A clinical study published in the Journal of the American Heart Association showed that postmenopausal women who ate an undisputed degree of plant protein had a lower risk of sudden death, cardiac infection, and dementia-related deaths than women , Who ate fewer plant proteins.
Previous researches have shown a relationship between diets in red meat and heart disease risk, yet the data are sparse and inconclusive about specific types of proteins, study authors say.
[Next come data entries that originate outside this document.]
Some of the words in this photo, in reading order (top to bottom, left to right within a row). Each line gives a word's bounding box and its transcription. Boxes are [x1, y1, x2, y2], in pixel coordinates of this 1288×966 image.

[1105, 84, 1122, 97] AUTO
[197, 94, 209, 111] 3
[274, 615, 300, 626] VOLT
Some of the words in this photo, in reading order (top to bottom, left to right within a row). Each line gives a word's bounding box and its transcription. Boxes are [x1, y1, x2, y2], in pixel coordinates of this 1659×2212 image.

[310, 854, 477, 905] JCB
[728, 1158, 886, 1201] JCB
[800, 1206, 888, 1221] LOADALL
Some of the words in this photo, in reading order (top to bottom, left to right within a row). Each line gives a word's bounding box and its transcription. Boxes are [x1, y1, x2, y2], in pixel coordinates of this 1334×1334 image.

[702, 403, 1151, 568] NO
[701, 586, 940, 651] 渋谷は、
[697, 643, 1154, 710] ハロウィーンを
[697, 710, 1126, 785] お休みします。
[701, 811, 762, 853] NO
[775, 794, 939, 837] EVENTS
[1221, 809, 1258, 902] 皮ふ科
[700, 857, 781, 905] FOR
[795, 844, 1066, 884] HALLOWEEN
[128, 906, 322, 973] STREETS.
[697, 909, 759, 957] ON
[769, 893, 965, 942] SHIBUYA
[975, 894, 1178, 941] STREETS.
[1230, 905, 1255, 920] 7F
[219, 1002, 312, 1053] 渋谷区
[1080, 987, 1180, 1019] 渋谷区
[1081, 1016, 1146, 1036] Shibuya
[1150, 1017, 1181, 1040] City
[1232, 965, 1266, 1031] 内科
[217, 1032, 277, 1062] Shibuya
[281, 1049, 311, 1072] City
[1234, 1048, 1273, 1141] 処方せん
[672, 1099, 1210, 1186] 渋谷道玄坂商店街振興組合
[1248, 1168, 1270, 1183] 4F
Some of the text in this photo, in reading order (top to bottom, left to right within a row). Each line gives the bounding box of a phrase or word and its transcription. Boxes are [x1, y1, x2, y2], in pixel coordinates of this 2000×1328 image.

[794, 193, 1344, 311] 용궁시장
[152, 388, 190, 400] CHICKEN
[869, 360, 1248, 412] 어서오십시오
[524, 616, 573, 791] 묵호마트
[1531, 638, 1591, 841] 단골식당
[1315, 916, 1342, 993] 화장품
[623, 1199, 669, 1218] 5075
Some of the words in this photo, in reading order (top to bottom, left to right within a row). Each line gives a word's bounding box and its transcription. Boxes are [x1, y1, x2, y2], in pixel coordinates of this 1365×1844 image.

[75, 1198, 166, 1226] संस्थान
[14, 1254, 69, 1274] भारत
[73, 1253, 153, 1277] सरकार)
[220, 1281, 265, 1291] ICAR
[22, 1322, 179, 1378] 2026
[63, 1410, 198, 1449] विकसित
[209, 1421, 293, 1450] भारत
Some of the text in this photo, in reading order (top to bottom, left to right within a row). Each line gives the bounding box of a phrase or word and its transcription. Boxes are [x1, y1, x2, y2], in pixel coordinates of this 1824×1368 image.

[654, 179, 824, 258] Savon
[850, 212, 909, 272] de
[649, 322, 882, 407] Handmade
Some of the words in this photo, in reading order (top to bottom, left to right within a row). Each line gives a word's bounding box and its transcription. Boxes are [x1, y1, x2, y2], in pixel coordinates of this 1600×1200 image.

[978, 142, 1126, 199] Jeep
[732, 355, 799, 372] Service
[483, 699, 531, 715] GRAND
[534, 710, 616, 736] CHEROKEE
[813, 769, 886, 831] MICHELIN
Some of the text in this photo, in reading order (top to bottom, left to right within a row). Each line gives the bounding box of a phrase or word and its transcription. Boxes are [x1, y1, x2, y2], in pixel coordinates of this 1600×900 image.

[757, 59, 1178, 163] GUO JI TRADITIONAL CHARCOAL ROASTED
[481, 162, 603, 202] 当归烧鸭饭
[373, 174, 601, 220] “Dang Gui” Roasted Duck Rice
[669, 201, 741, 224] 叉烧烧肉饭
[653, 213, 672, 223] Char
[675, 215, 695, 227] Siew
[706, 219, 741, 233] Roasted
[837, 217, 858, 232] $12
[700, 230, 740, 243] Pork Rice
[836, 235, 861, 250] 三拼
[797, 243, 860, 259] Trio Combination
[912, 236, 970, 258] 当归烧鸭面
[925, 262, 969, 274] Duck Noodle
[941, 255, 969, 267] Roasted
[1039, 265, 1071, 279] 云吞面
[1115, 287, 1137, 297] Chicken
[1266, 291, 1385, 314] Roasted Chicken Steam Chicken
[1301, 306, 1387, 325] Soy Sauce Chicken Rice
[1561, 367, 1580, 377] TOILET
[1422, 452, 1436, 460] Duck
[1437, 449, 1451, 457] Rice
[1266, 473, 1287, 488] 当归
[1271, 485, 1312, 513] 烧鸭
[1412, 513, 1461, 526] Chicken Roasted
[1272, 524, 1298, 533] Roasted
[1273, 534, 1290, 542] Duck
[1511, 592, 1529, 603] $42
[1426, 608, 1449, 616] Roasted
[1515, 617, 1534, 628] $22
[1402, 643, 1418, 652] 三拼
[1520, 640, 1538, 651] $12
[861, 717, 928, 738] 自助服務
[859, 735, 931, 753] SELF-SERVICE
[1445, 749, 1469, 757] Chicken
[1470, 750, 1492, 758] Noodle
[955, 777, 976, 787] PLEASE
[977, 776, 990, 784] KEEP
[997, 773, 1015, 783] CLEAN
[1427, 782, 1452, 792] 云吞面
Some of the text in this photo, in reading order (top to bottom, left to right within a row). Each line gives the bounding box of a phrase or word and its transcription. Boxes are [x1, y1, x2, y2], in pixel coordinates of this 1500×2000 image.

In this study, researchers analyzed the age data of more than 100,000 postmenopausal women (50 to analy 4) participating in the National Women’s Health Initiative Study between 10000 and 19 analyte; They were followed through February 2017.
At the time they enrolled in the study, participants completed a questionnaire about their diet about how often they ate eggs, dairy, poultry, red meat, fish / shellfish, and proteins such as tofu, nuts, beans, and peas. During the study period, there were a total of 25,976 deaths (6,993 deaths from heart disease; 7,516 deaths from cancer, and 2,734 deaths from dementia).
Researchers looked at women’s consumption levels and types, dividing them into groups to compare who ate the least and who ate each protein. The average percentage intake of total energy from animal protein in this population was 7.5 percent in the lowest quintal and 16.0% in the highest quintal. The average percentage intake of total energy from plant protein in this population was 3.5% in the lowest quintal and 6.8% in the highest quintal.
Among the major findings: – For postmenopausal women who had the least plant protein intake, the highest protein intake of those plants had a 9% lower risk of death from all causes, compared with 12% from cardiovascular death. There was less risk. 21% lower risk of illness, and dementia-related death.
Excess consumption of processed red meat was associated with a 20% greater risk of dying of dementia.
Excess consumption of unprocessed meat, eggs and dairy products was associated with a 12%, 24% and 11% higher risk of dying from heart disease, respectively.